Detection Method:Sandwich
Test principle:This assay employs a two-site sandwich ELISA to quantitate DPEP2 in samples. An antibody specific for DPEP2 has been pre-coated onto a microplate. Standards and samples are pipetted into the wells and anyDPEP2 present is bound by the immobilized antibody. After removing any unbound substances, a biotin-conjugated antibody specific for DPEP2 is added to the wells. After washing, Streptavidin conjugated Horseradish Peroxidase (HRP) is added to the wells. Following a wash to remove any unbound avidin-enzyme reagent, a substrate solution is added to the wells and color develops in proportion to the amount of DPEP2 bound in the initial step. The color development is stopped and the intensity of the color is measured.

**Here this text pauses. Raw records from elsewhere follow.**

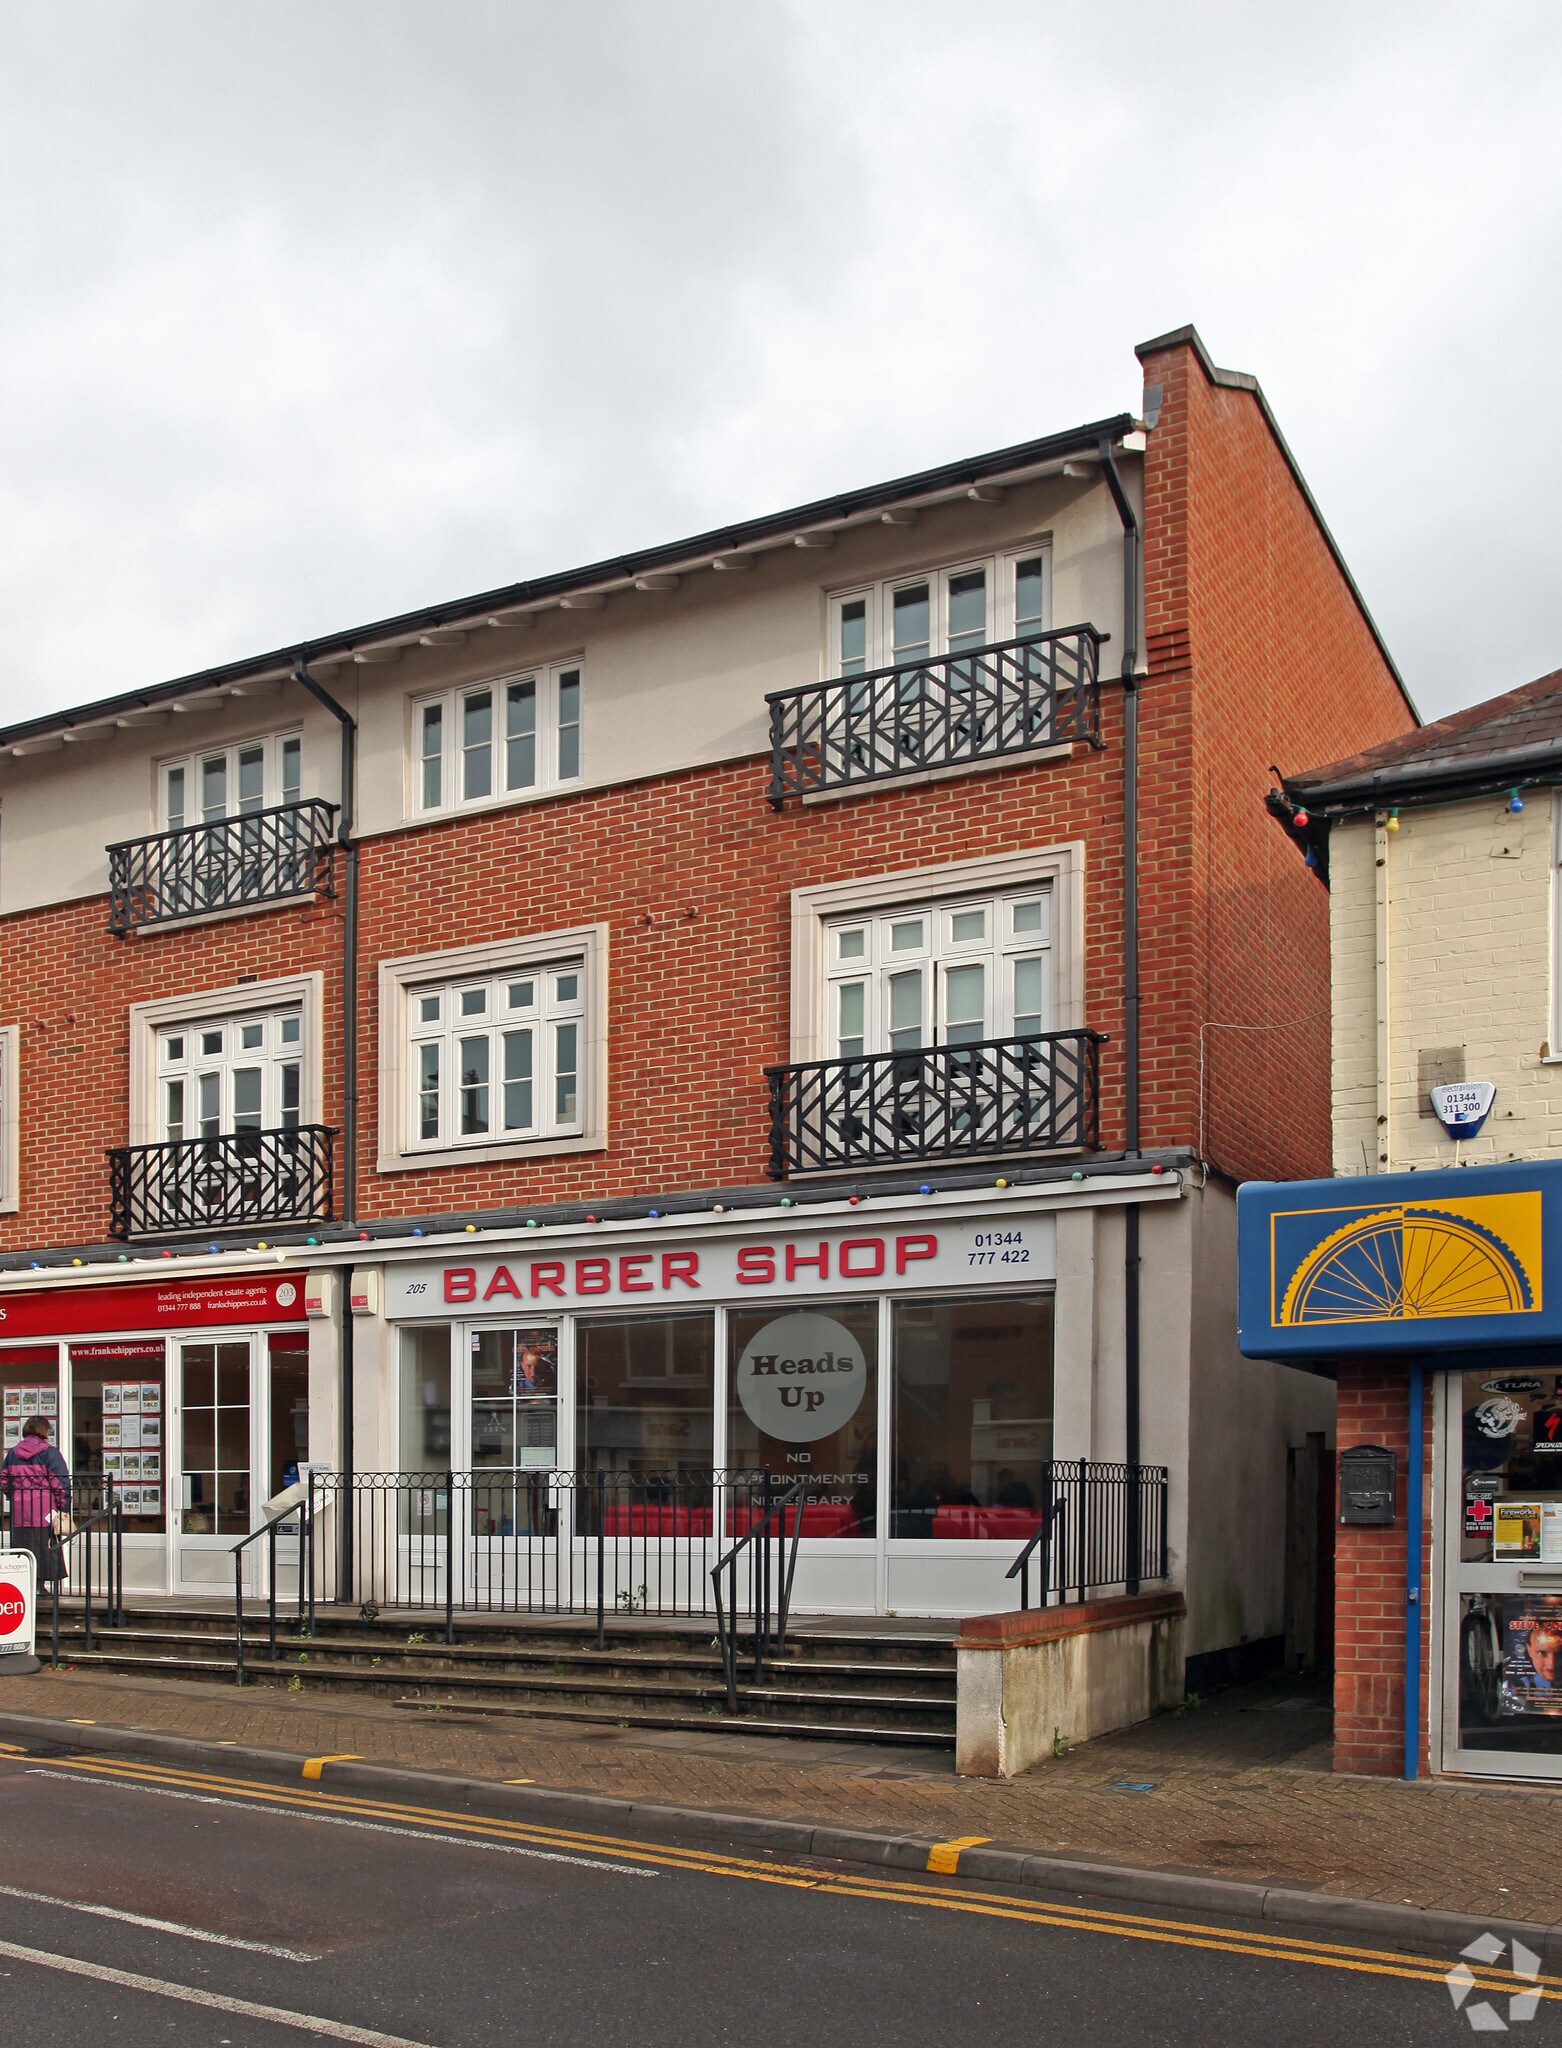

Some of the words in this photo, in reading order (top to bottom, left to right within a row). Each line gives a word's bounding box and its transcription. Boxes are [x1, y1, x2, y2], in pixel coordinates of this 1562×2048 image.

[1442, 1084, 1481, 1093] electravision
[1447, 1093, 1476, 1103] 01344
[1443, 1105, 1459, 1113] 311
[1463, 1103, 1480, 1111] 300
[975, 1232, 1023, 1247] 01344
[968, 1252, 996, 1265] 777
[1001, 1250, 1029, 1263] 422
[443, 1251, 701, 1303] BARBER
[736, 1234, 938, 1284] SHOP
[158, 1292, 182, 1302] leading
[182, 1289, 223, 1300] independent
[245, 1287, 267, 1296] agents
[278, 1288, 294, 1298] 203
[406, 1284, 427, 1295] 205
[158, 1304, 176, 1312] 01344
[177, 1303, 188, 1311] 777
[207, 1298, 267, 1309] frankschippers.co.uk
[71, 1344, 165, 1356] www.frankschippers.co.uk
[750, 1352, 854, 1375] Heads
[1484, 1381, 1541, 1390] ALTURA
[777, 1386, 825, 1412] Up
[786, 1453, 811, 1463] NO
[1509, 1620, 1539, 1630] STEVE

Product Overview:DPEP2 belongs to the membrane-bound dipeptidase (EC 3.4.13.19) family. These enzymes hydrolyze a variety of dipeptides, including leukotriene D4, the beta-lactam ring of some antibiotics, and cystinyl-bis-glycine (cys-bis-gly) formed during glutathione degradation.The deduced 578-amino acid mouse protein contains several residues conserved among MBDs, including 6 cysteines, 3 histidines, and a glutamic acid that is important for catalytic activity. Mouse and human MBD2 share 80% amino acid identity. Spleen, liver, and skeletal muscle expressed low Mbd2 levels, and no expression was detected in kidney and brain. Phospholipase treatment released Mbd2 from transfected COS-7 cell membranes, indicating that Mbd2 is anchored to the membrane through glycosylphosphatidylinositol modification.